Background. Inhibition of nuclear factor kappa B (NFkappaB) during liver regeneration induces hepatocyte apoptosis associated with normal DNA synthesis but decreased mitosis, suggesting that inhibition of NFkappaB impairs progression from S-phase through the G(2)/M phase of the cell cycle. Our aim was to determine if inhibition of NFkappaB alters cell cycle characteristics in hepatocytes treated with tumor necrosis factor alpha (TNFalpha). Methods. Primary hepatocytes from BALB/c mice were infected with adenoviruses expressing luciferase (control; AdLuc) or the IkappaB super-repressor (AdIkappaB) and treated with or without TNFalpha (30 ng/ml). Flow cytometry was performed (0 to 40 hours) to determine apoplosis and cell cycle progression.
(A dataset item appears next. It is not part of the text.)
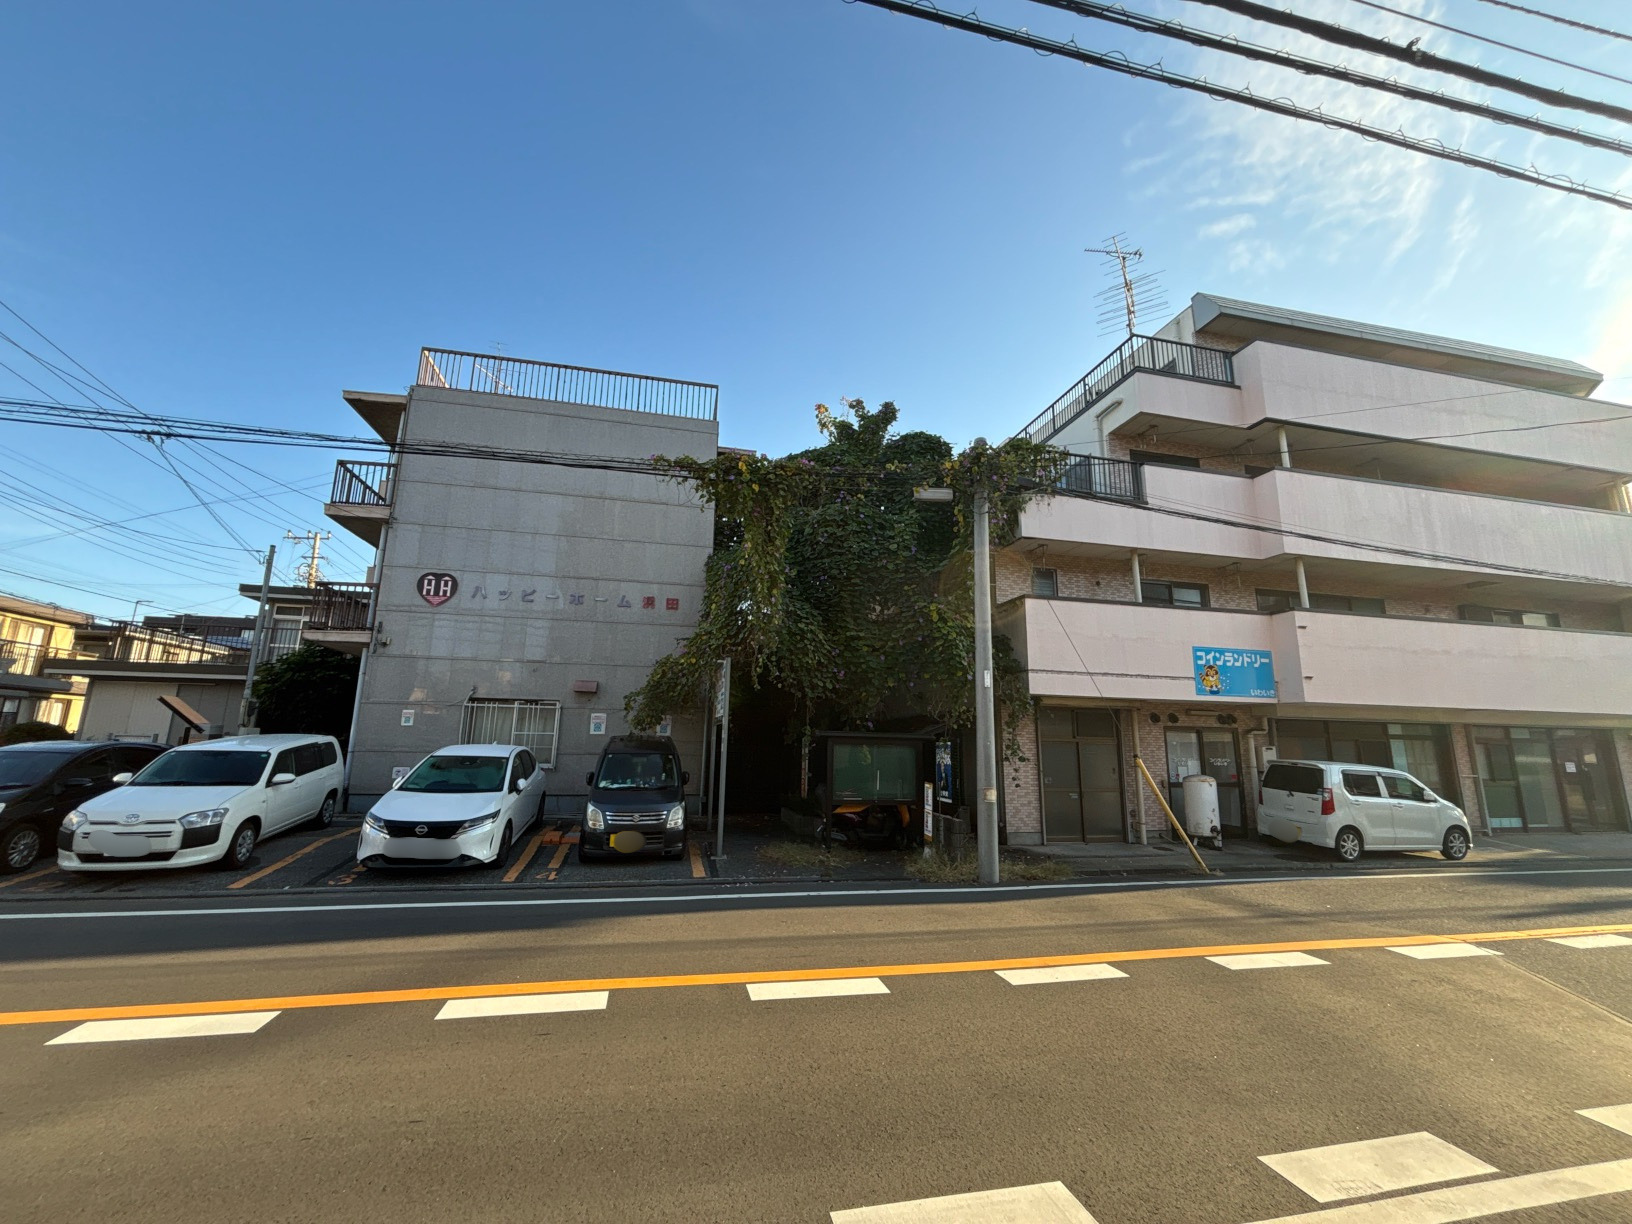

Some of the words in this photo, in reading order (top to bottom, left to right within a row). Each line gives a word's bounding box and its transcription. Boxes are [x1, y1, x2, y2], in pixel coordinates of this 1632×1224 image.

[1196, 651, 1270, 668] コインランドリー
Reverse transcriptase-polymerase chain reaction and immunoblots assessed changes in cell cycle mediators and antiopoptotic factors. Results. Primary hepatocytes treated with AdIkappaB and TNFalpha demonstrated significantly more S-phase cells (14% +/- 3% vs 6% +/- 2%, P < .05) at 14 hours compared with controls. Inhibition of NFkappaB with or without TNFalpha was associated with decreased expression of stem loop bind protein, a marker of cell cycle progression through S-phase. The NFkappaB-induced antiapoptotic proteins, iNOS and TRAF2, had decreased message at 9 and 12 hours, respectively, in TNFalpha- and AdIkappaB-treated cells. Conclusion. Inhibition of NFkappaB in TNFalpha-treated primary mouse hepatocytes is associated with increased S-phase cell cycle retention and decreased stem loop bind protein.